Copilot has drastically reduced my keystrokes, and therefore the strain on my tenders. It's good for our health, too! I watched the same thing happen with the introduction of Intellisense. Pre-Intellisense I had tons of RSI problems and had to use funky ergonomic keyboards like the Kinesis keyboard to function as a dev. Now I just hop on whatever laptop is in front of me and code.
Same reason - massive reduction in the number of keys I have to touch to produce a line of code. Unfortunately, one in 10 times is far from good enough and this is with good prompt engineering which after using large language models for a while, one starts to do.
The self-driving industry is in a similar situation of despair where millions have been spent in labelling and training but something fundamental is amiss in the ML models. You are correct. I feel this is why the service is called Copilot, not Pilot :. If it holds up it means they may have found the right prior for a path of development that can actually lead to artificial general intelligence.
With exponential improvement; humans learning to hack the AI and the AI learning better suggestions, this may in theory happen very quickly. We live in a very small corner of the space of possible universes, which is why finding a prior in program space within it is a big deal.
I keep wondering how much time it could possibly save you, given that you're obligated to read the code and make sure it makes sense. Given that, the testimonials here are very surprising to me. Which of course is super cool for many tasks!
It's smarter than that. It suggests things that have never been written. His passion to spread the ethical hacking ways is clear from his teaching in the courses. If you are also looking to improve your skills and knowledge from any of IT, infrastructure, DevOps, student, platform or application support backgrounds you will find something useful from Hacker House. My primary interest was more defensive. The review: In general, the course content was excellent.
Matthew was helpful, very knowledgeable and very good at explaining the concepts. What I really found incredibly motivating was seeing the whole context of a hack.
The only downside was that the course was too quick for me at times. After all you want to maximise learning about hacking and not how the Linux file system works.
I also felt some of the written documentation needed to be a little more idiot-friendly and easier to cut and paste if you get stuck. So, 4 stars and of 5 for me.
Hacker House helped me to understand how hacking works. When I wanted to get into security, I tried learning on my own using YouTube, books and some online courses. But I struggled to find the time to focus and build a good cadence for learning. I also missed having someone to ask questions to.
So I chose to do an on-site course and found Hacker House. The course was everything I had hoped for. The materials were relevant and offered a great foundation for understanding tooling, methodology and the mindset for pentesting.

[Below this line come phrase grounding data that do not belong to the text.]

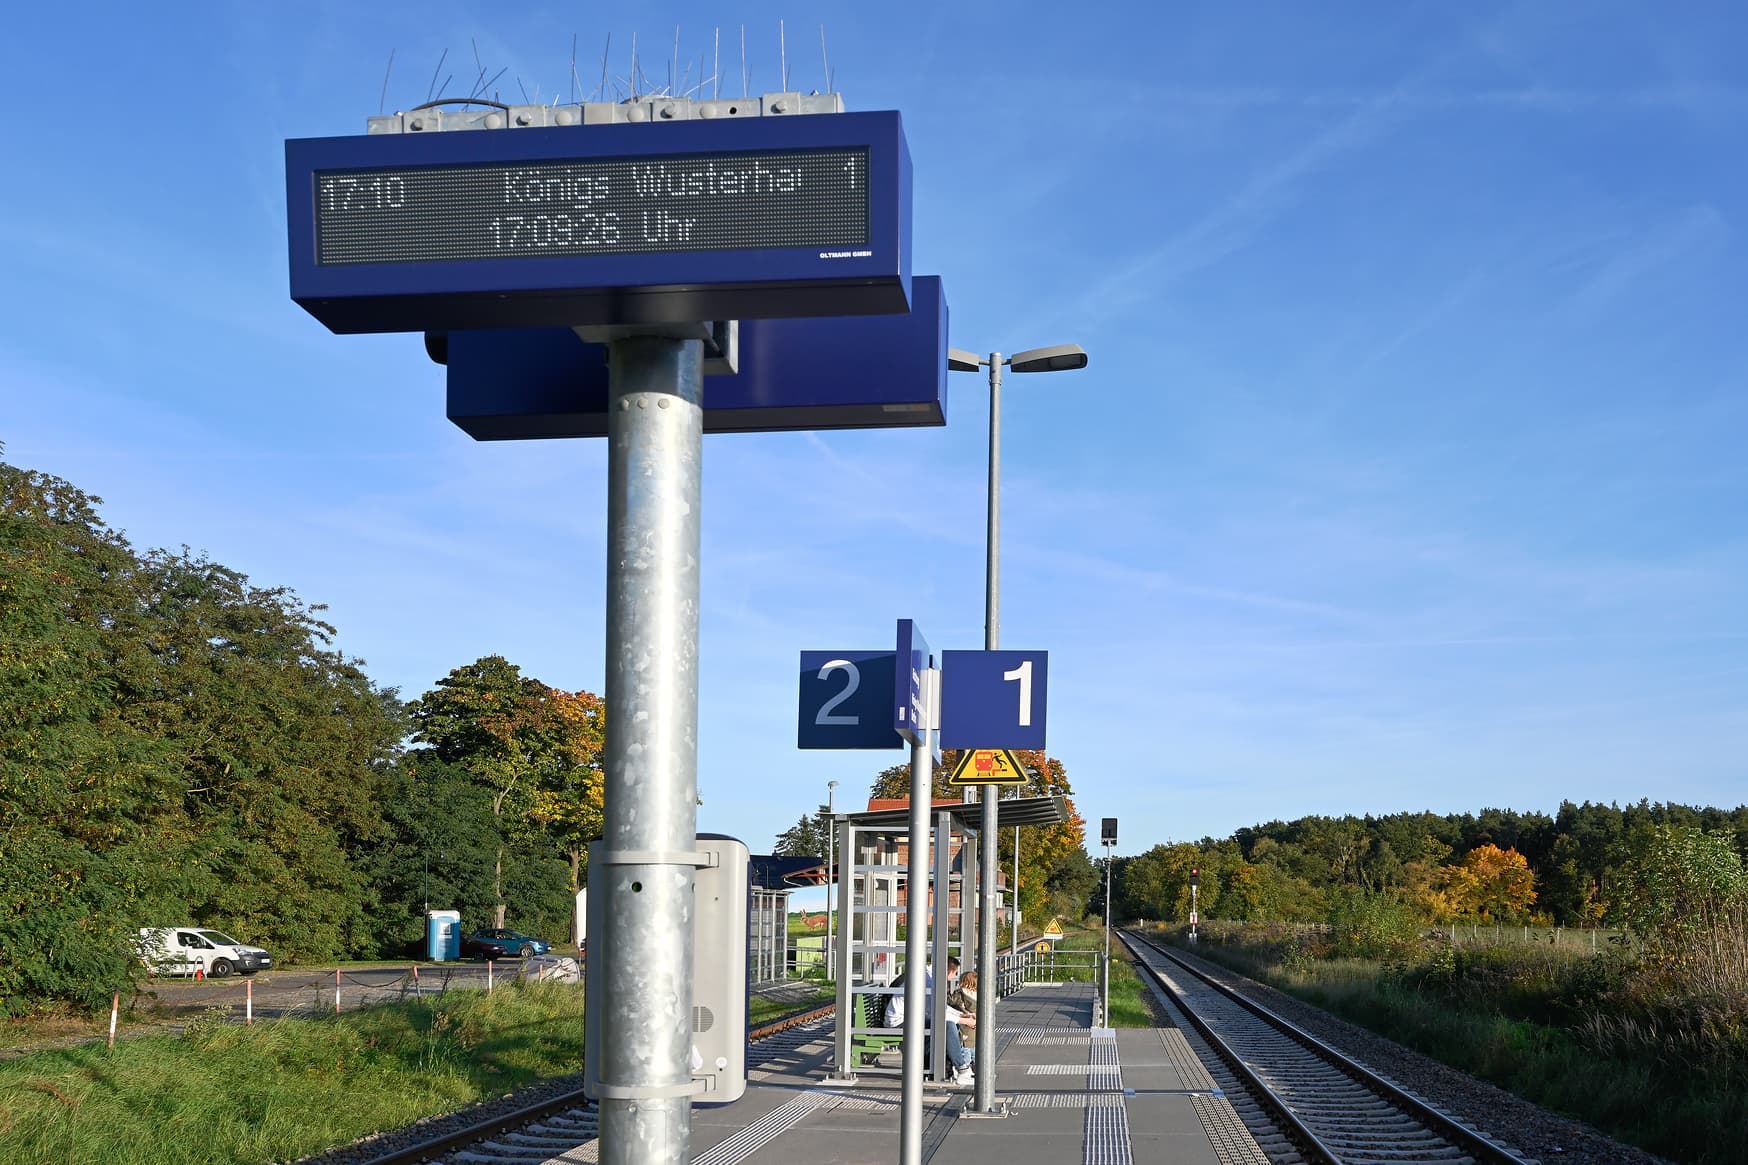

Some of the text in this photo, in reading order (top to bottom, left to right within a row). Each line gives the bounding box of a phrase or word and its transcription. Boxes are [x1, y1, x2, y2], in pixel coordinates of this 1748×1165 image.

[322, 176, 405, 210] 17:10
[505, 168, 610, 209] Königs
[843, 156, 856, 190] 1
[488, 210, 698, 248] 17:09:26 Uhr
[819, 251, 852, 259] OLTMANN
[815, 659, 861, 725] 2
[1004, 660, 1033, 726] 1

And the instructor, Mathew, was phenomenal. The course gave me the knowledge I needed to understand how hacking happens and how to position myself to continue learning new techniques. I highly recommend Hacker House for their quality and commitment to helping their students be successful. Great intro so far to pentesting methodologies, I'm only a week in but have found the first two modules to be very informative without bogging down or injecting a bunch of unneeded fluff to expand content.
Hands-on-Hacking course from Hacker House should become the next industry recognised standard. So far it's the most practically applicable course I had for IT security. Recommended it to all my colleagues. The best hands-on training I have found so far!
I have learned more through this course using the online material on my own machine and my own time, than any classroom environment I have been in. Great Job!!! We use cookies to understand how you use our site and to improve your browsing experience.